Şimdi, adımınız ne kadar küçük olursa olsun (yani 1), evrişim sırasında kaçınılmaz bir boyut azalması olduğunu fark edersiniz (örneğin, 4 birim genişliğinde bir görüntüyü çevirdikten sonra genişlik 3'tür). Bu özellikle derin evrişimli sinir ağları oluştururken istenmeyen bir durumdur. Burası yastığın kurtarmaya geldiği yerdir. En sık kullanılan iki dolgu türü vardır.

  • SAME ve VALID

Aşağıda farkı görebilirsiniz.

görüntü açıklamasını buraya girin

Son söz : Çok merak ediyorsanız, merak ediyor olabilirsiniz. Tam otomatik boyut küçültme üzerine bir bomba düşürdük ve şimdi farklı adımlardan bahsediyoruz. Ancak adımlarla ilgili en iyi şey, boyutların nerede ve nasıl azalacağını kontrol etmenizdir.


2
  1. CNN 1D, 2D veya 3D, giriş veya filtre boyutundan ziyade evrişim yönünü ifade eder.

  2. 1 kanal girişi için CNN2D, CNN1D'ye eşittir, çekirdek uzunluğu = giriş uzunluğu. (1 dönüşüm yönü)


2

Özetle, 1D CNN'de çekirdek 1 yönde hareket eder. 1D CNN'in giriş ve çıkış verileri 2 boyutludur. Çoğunlukla Zaman Serisi verilerinde kullanılır.

2D CNN'de çekirdek 2 yönde hareket eder. 2D CNN'nin giriş ve çıkış verileri 3 boyutludur.

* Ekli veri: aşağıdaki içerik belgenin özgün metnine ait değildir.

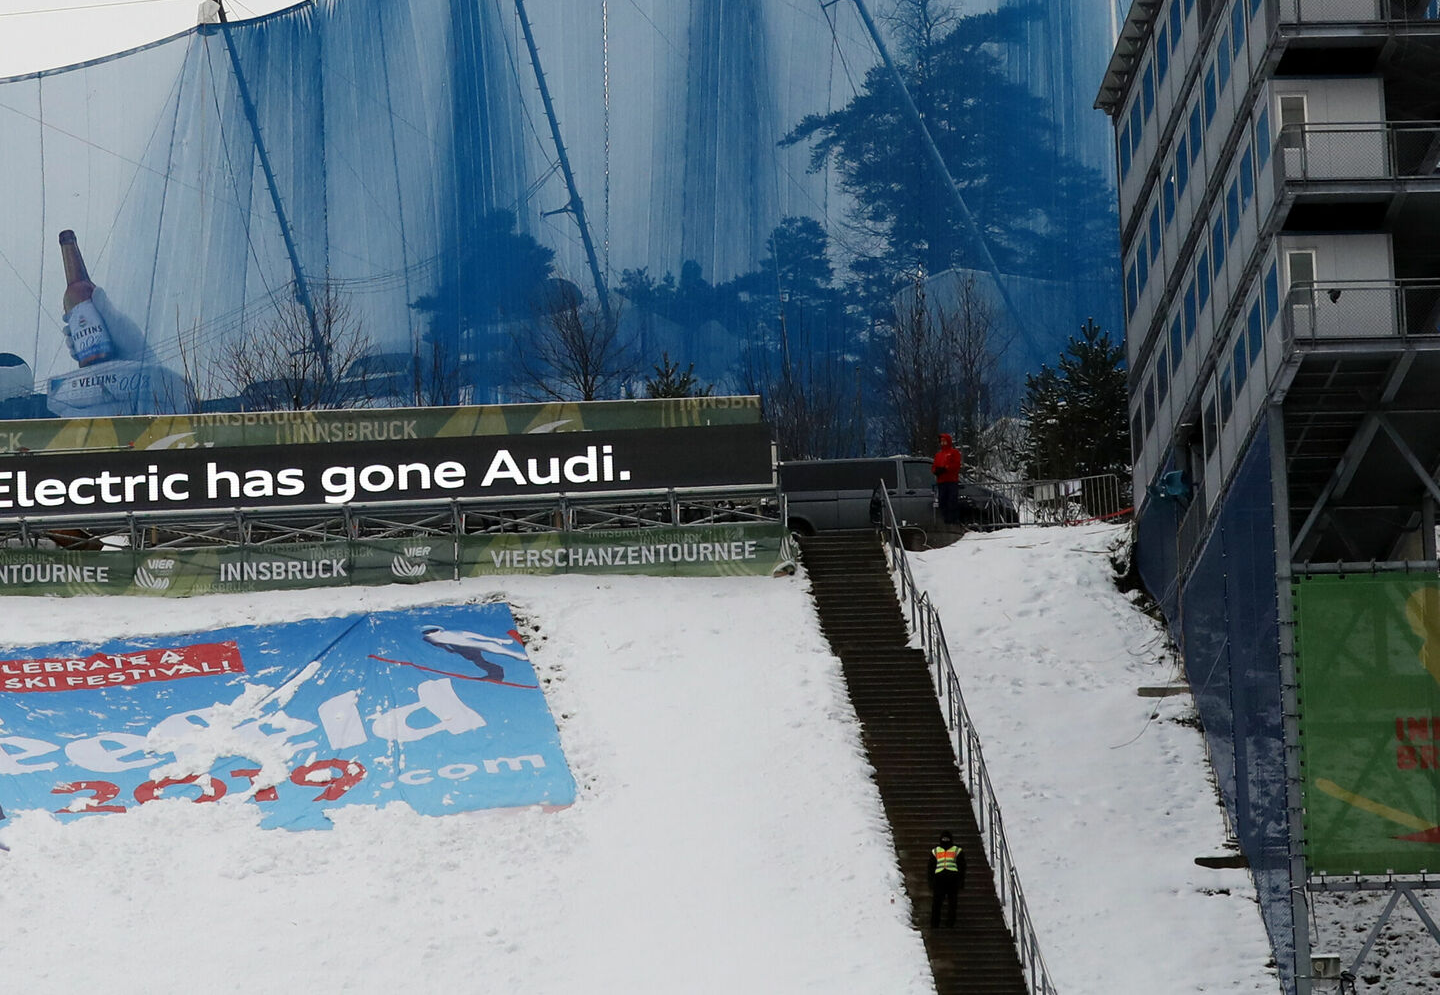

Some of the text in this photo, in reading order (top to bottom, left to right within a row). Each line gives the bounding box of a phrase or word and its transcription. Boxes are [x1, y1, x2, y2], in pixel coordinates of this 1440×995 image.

[79, 373, 117, 388] VELTINS
[292, 420, 418, 443] INNSBRUCK
[206, 462, 305, 499] has
[321, 460, 466, 504] gone
[481, 445, 631, 487] Audi.
[403, 546, 432, 557] VIER
[490, 540, 757, 568] VIERSCHANZENTOURNEE
[147, 559, 175, 570] VIER
[220, 558, 347, 581] INNSBRUCK
[4, 676, 56, 690] SKI
[66, 660, 232, 687] FESTIVAL!
[51, 758, 367, 814] 2019

Çoğunlukla Görüntü verilerinde kullanılır.

3B CNN'de çekirdek 3 yönde hareket eder. 3D CNN'in giriş ve çıkış verileri 4 boyutludur. Çoğunlukla 3D Görüntü verilerinde (MRI, CT Taramaları) kullanılır.

Daha fazla bilgiyi burada bulabilirsiniz: https://medium.com/@xzz201920/conv1d-conv2d-and-conv3d-8a59182c4d6

Sitemizi kullandığınızda şunları okuyup anladığınızı kabul etmiş olursunuz: Çerez Politikası ve Gizlilik Politikası.
Licensed under cc by-sa 3.0 with attribution required.